The Future Is Looking Green For Renewable Energy
What is Green Energy, And What Could Make It A Better Option than Fossil Fuels?
In the past three decades, research and development in green energy has exploded, yielding hundreds of promising new technologies that can reduce our dependence on coal, oil, and natural gas. Green energy comes from sustainable sources such as sunlight, wind, rain, tides, plants, algae and geothermal heat.
These energy resources are renewable, meaning that they are naturally replenished. In contrast, fossil fuels are finite resources that take millions of years to develop and will continue to diminish with use.
Renewable energy sources also have a much smaller impact on the environment compared to fossil fuels. Fossil fuels produce pollutants such as greenhouse gases as a by-product, contributing to climate change. Gaining access to fossil fuels typically requires either mining or drilling deep into the earth, often in ecologically sensitive locations.
Green energy, however, utilizes energy sources that are readily available all over the world, including in rural and remote areas. Advances in renewable energy technologies have lowered the cost of solar panels, wind turbines and other sources of green energy, placing the ability to produce electricity in the hands of the people rather than those of oil, gas, coal and utility companies.
Green energy can supplement or replace the use of fossil fuels in all major areas of use including electricity, water heating, home appliances, and fuel for motor vehicles. Types of green energy include solar power, wind power, hydropower, geothermal energy, and biomass.

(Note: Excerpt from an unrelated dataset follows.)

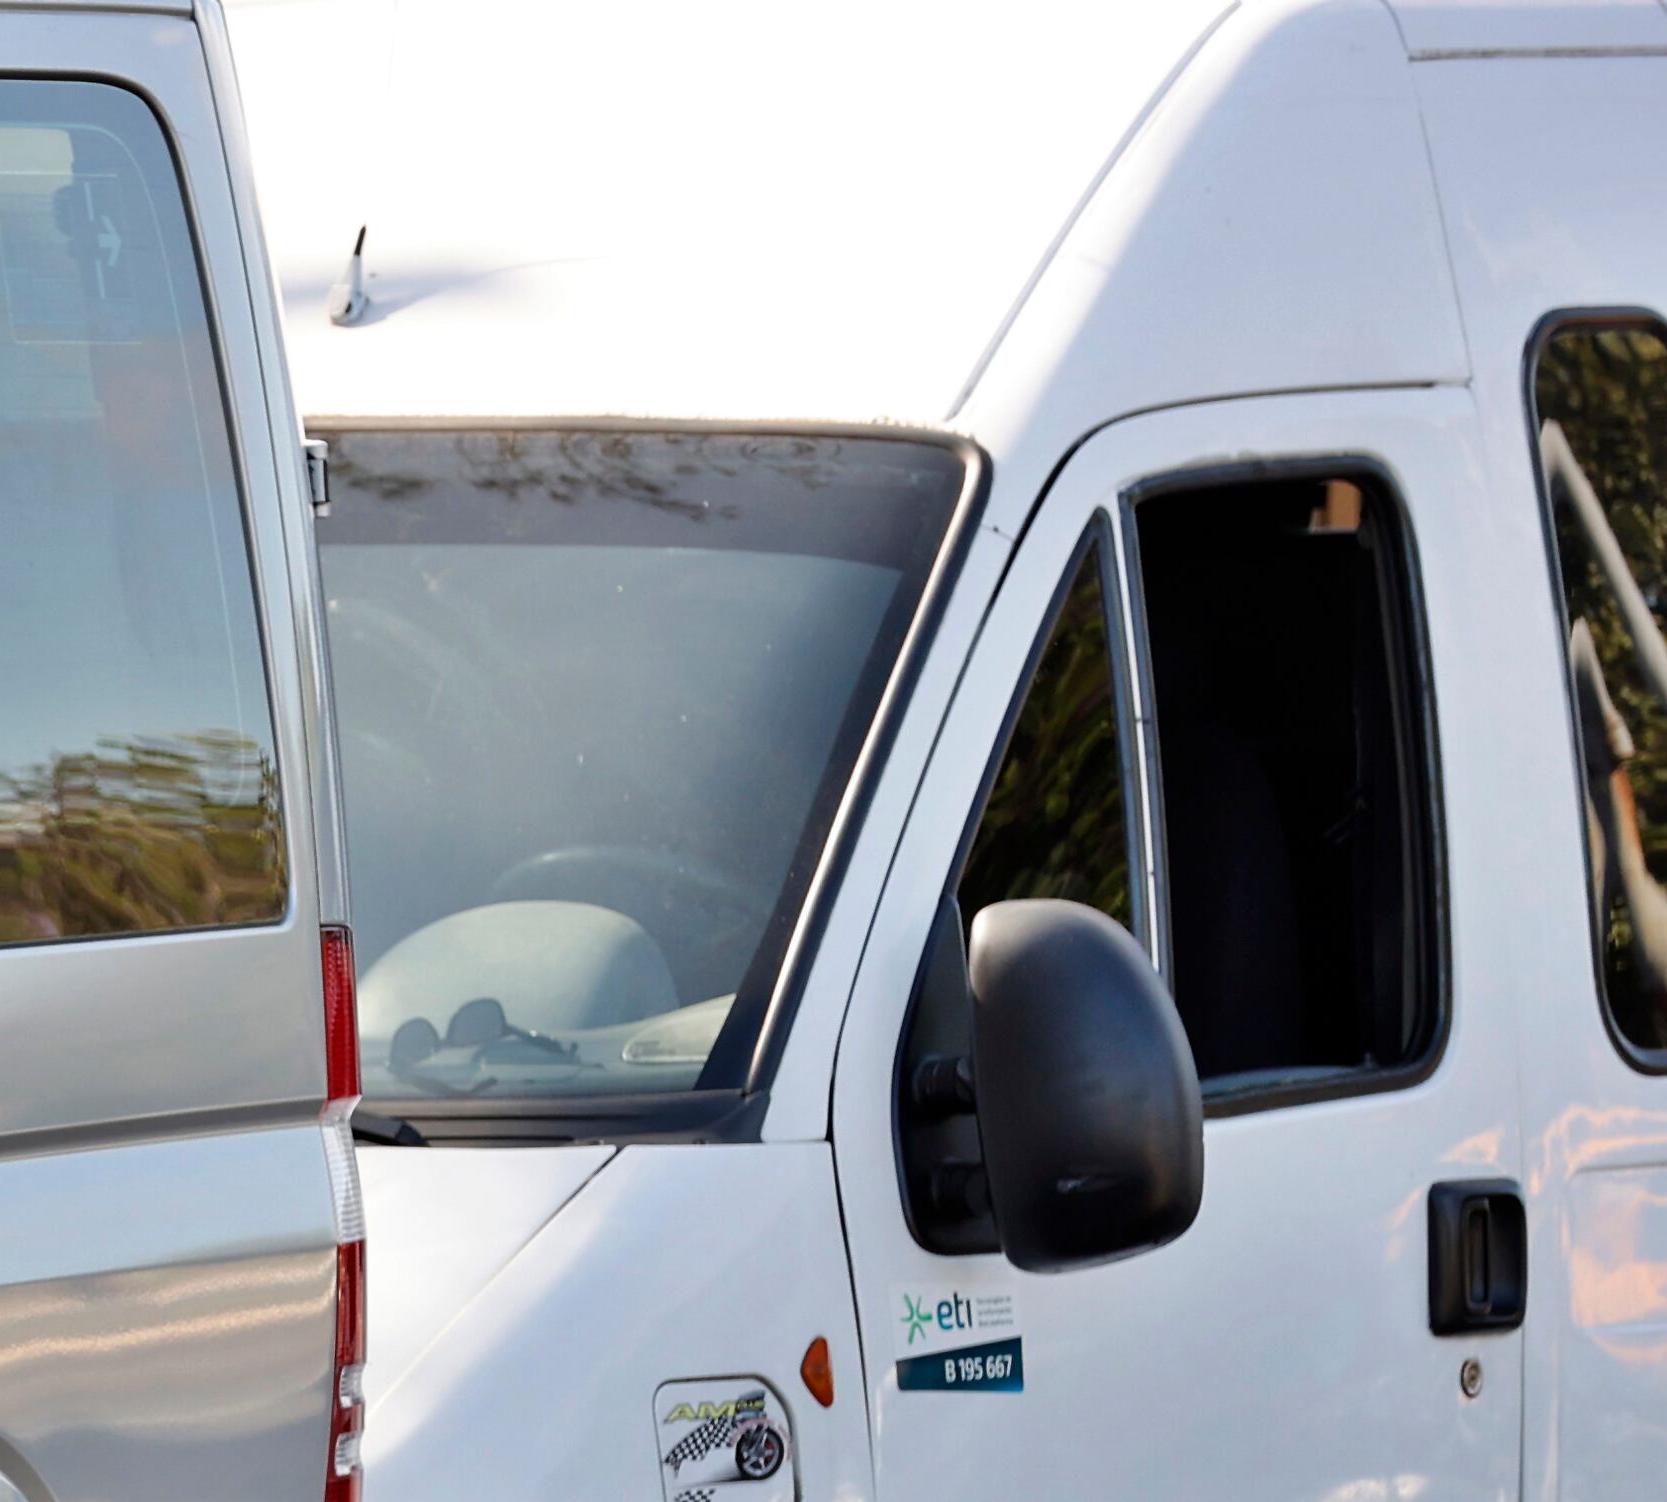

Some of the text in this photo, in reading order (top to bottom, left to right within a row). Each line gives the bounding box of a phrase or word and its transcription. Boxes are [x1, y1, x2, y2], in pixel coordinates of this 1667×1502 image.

But despite this optimism for green energy, many investors still remain cautious. As the U.S. is becoming more reliant on electricity, there is still no perfect model for providing renewable energy power to meet the demand on a national scale.
The U.S. power grid is evolving to support more renewable energy and the emerging demand for power for electric vehicles is imposing intense pressure on the energy supply. Further, many climate scientists expect increases in extreme weather events, which would further test the system’s vulnerabilities. As the 2021 Texas Power Crisis suggests, major structural changes and innovations in the production of renewables are still necessary for the future of green energy.

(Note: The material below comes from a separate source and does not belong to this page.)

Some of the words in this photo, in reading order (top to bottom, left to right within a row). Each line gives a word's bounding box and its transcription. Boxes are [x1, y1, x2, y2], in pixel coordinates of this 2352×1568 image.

Why Investing in Green Energy is Gaining More Interest Now
GLOBAL ENERGY CONSUMPTION EXPECTED TO GROW
In its newly released International Energy Outlook 2019, the U.S. Energy Information Administration (EIA) projects that world energy consumption will grow by nearly 50% between 2018 and 2050, led by Asia.
Global Primary Energy Consumption by Region (2010-2050)

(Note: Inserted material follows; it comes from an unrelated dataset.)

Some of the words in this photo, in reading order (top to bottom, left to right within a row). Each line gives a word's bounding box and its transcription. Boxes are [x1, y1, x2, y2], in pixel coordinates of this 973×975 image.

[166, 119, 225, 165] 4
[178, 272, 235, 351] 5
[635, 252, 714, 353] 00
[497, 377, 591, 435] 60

COMMITMENTS & FUTURE GOALS TO INVEST SIGNIFICANT CAPITAL INTO RENEWABLES
President Joe Biden plans to invest $2 trillion in clean-energy initiatives over the next four years, with a loftier goal of making America a net-zero-emissions country by 2050. Just how much progress he can make remains largely up to the composition of Congress, but most analysts expect a much more accommodative Washington for green energy over the next few years.
China has now committed to reaching carbon neutrality by 2060, putting the world’s biggest market for solar and wind power on the path to ramp up installations as it begins its next five-year plan.
Bloomberg New Energy Finance’s recent report shows that the sector will receive nearly $5.1 trillion worth of investment in new power plants by 2030. Given the anticipated spending spree in the sector, investors who choose to "go green" could see their holdings grow along with the demand for energy.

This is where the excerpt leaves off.